Re: Array optimizing problem in C++?
On 23 mar, 09:58, "jason.cipri...@gmail.com"
<jason.cipri...@gmail.com> wrote:
Also, wrt James' original post:
void
smooth( double* dest,
double const* src,
size_t len )
{
for ( size_t i = 1 ; i < len - 1 ; ++ i ) {
dest[ i - 1 ] = (src[ i - 1 ] + src[ i ] + src[ i + 1 ]) =
/ 3 ;
}
}
The compiler cannot arrange to use the src[ i + 1 ] value
from the preceding pass through the loop as the src[ i ]
value in the current pass, since the write to dest[ i - 1 ]
might have changed it.

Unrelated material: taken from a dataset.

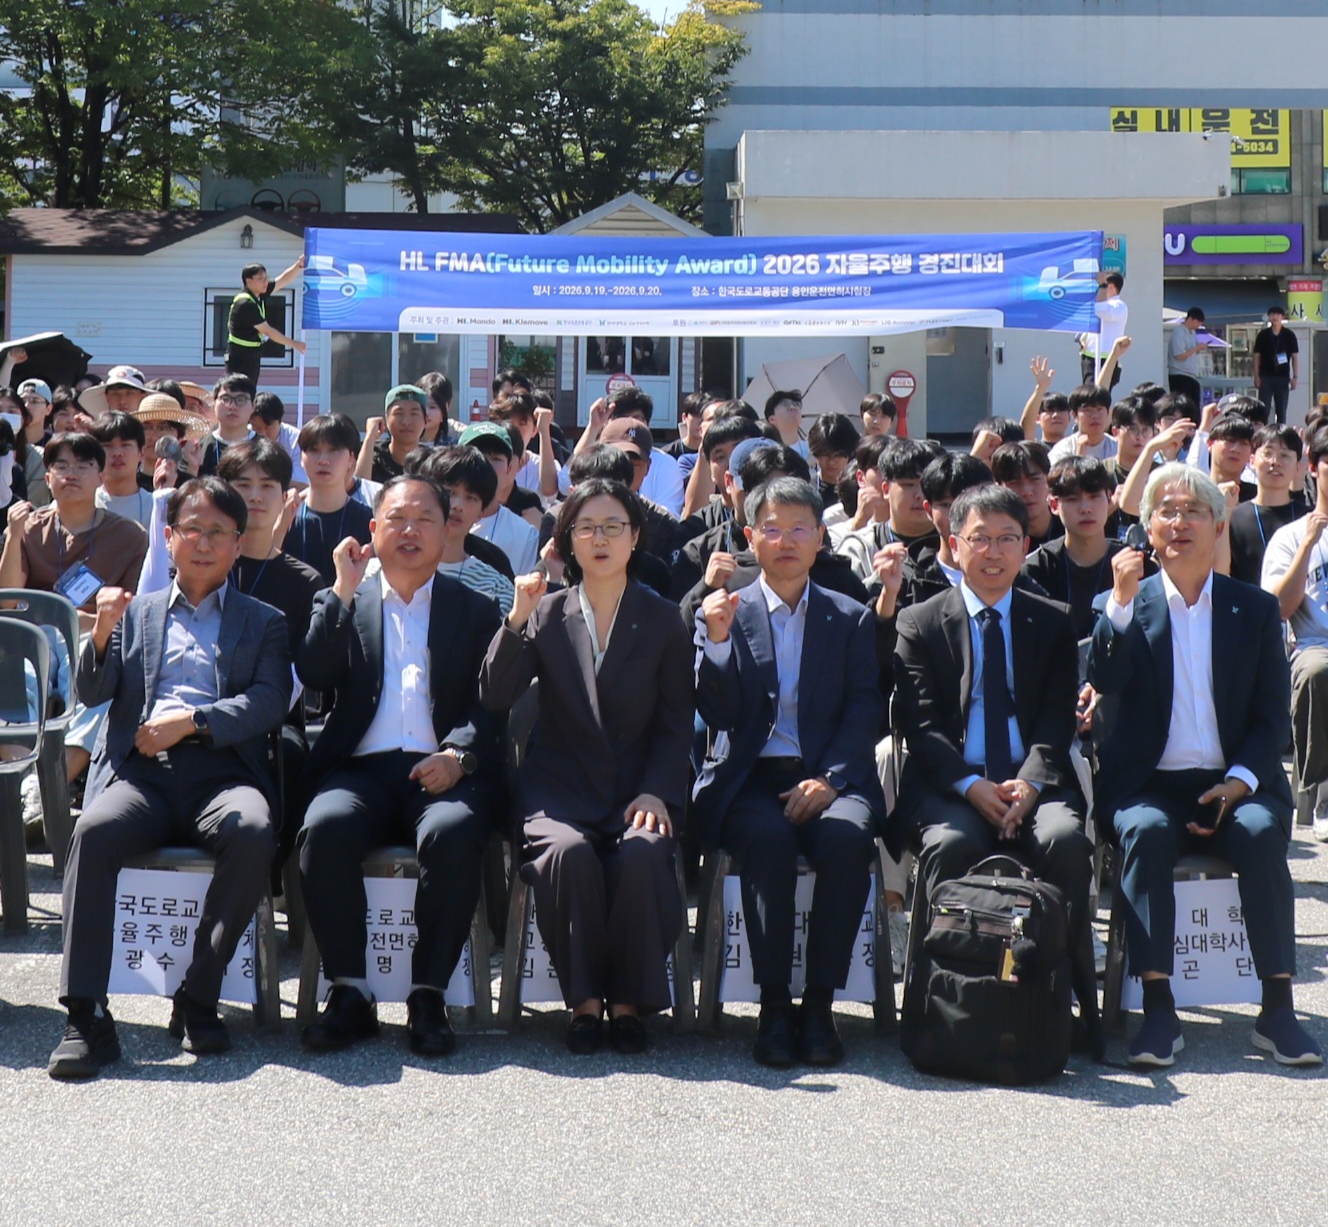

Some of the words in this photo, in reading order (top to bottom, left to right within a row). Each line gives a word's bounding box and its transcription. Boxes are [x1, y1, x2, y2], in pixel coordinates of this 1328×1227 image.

In Java, it can, since two arrays
are either identical or disjoint.
I am not sure what you would expect in either language. I
believe that James had been expecting it to cache [i+1] in an
fpu register, and use that instead of accessing the value the
next time through.
Exactly. It's a very common optimization.
As it stands right now, VS at least (I didn't check GCC)
generates assembler instructions that are more equivalent to
this:
fpu_register = src[i - 1]
fpu_register += src[i]
fpu_register += src[i + 1]
fpu_register /= 3
dest[i - 1] = fpu_register
Using fld, fadd, fdiv, and fstp on Intel machines. It never
loads src[i + 1] anyways. I have not tested this or done any
research, but I suspect this is still a bit faster than:
fpu_register = src[i - 1]
fpu_register += other_fpu_register
other_fpu_register = src[i + 1]
fpu_register += other_fpu_register
fpu_register /= 3
dest[i - 1] = fpu_register
The fastest solution would pre-charge the first two values, and
only read one new value each time through the loop. (Don't
forget that memory bandwidth will be the limiting factor for
this type of loop.) The Intel's stack architecture may make
optimizing this somewhat more difficult, but it should still be
possible. You'll end up with more instructions, but less memory
accesses and better run time.
But of course, you can't do this in C++, because dest[ i -1 ]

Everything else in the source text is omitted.